PROMPT » Once you reach the line containing "this 1600×900 image.", write out that line and every remaining line of the records exactly.

═════ RECORDS SUPPLIED ═════

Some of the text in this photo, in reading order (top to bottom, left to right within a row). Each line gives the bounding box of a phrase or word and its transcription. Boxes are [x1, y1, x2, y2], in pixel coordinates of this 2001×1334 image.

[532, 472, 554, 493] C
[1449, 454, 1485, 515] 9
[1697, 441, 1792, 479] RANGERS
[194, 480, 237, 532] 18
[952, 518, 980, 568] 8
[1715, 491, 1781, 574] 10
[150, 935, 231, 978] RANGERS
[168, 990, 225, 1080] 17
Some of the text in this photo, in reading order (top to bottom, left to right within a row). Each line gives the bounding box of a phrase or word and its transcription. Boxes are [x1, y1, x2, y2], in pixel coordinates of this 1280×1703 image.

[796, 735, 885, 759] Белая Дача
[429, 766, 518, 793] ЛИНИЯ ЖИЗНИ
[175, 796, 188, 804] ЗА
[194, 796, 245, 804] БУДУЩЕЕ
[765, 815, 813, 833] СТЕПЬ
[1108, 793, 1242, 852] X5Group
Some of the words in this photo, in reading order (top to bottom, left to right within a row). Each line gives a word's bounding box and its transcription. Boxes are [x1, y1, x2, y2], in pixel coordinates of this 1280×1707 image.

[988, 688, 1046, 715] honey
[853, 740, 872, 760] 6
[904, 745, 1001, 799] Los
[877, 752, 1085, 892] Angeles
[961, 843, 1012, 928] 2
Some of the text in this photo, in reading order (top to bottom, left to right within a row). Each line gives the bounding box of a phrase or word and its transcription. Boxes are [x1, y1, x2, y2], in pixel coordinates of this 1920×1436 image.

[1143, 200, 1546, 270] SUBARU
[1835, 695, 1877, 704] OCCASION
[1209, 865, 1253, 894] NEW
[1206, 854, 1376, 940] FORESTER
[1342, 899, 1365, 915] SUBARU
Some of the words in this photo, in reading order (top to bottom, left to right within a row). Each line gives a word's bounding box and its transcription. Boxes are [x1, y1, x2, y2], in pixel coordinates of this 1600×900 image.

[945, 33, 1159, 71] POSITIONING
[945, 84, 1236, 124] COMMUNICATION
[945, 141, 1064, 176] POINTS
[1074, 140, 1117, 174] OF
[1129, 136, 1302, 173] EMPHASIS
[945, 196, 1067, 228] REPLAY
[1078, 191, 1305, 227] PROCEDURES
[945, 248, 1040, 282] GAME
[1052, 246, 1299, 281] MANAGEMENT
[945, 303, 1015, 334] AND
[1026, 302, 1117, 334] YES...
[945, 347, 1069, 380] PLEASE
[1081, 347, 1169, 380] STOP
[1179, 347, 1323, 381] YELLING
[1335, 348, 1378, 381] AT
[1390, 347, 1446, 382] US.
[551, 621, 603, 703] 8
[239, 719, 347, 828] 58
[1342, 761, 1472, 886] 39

═════

EXPECTED OUTPUT »
Some of the words in this photo, in reading order (top to bottom, left to right within a row). Each line gives a word's bounding box and its transcription. Boxes are [x1, y1, x2, y2], in pixel coordinates of this 1600×900 image.

[945, 33, 1159, 71] POSITIONING
[945, 84, 1236, 124] COMMUNICATION
[945, 141, 1064, 176] POINTS
[1074, 140, 1117, 174] OF
[1129, 136, 1302, 173] EMPHASIS
[945, 196, 1067, 228] REPLAY
[1078, 191, 1305, 227] PROCEDURES
[945, 248, 1040, 282] GAME
[1052, 246, 1299, 281] MANAGEMENT
[945, 303, 1015, 334] AND
[1026, 302, 1117, 334] YES...
[945, 347, 1069, 380] PLEASE
[1081, 347, 1169, 380] STOP
[1179, 347, 1323, 381] YELLING
[1335, 348, 1378, 381] AT
[1390, 347, 1446, 382] US.
[551, 621, 603, 703] 8
[239, 719, 347, 828] 58
[1342, 761, 1472, 886] 39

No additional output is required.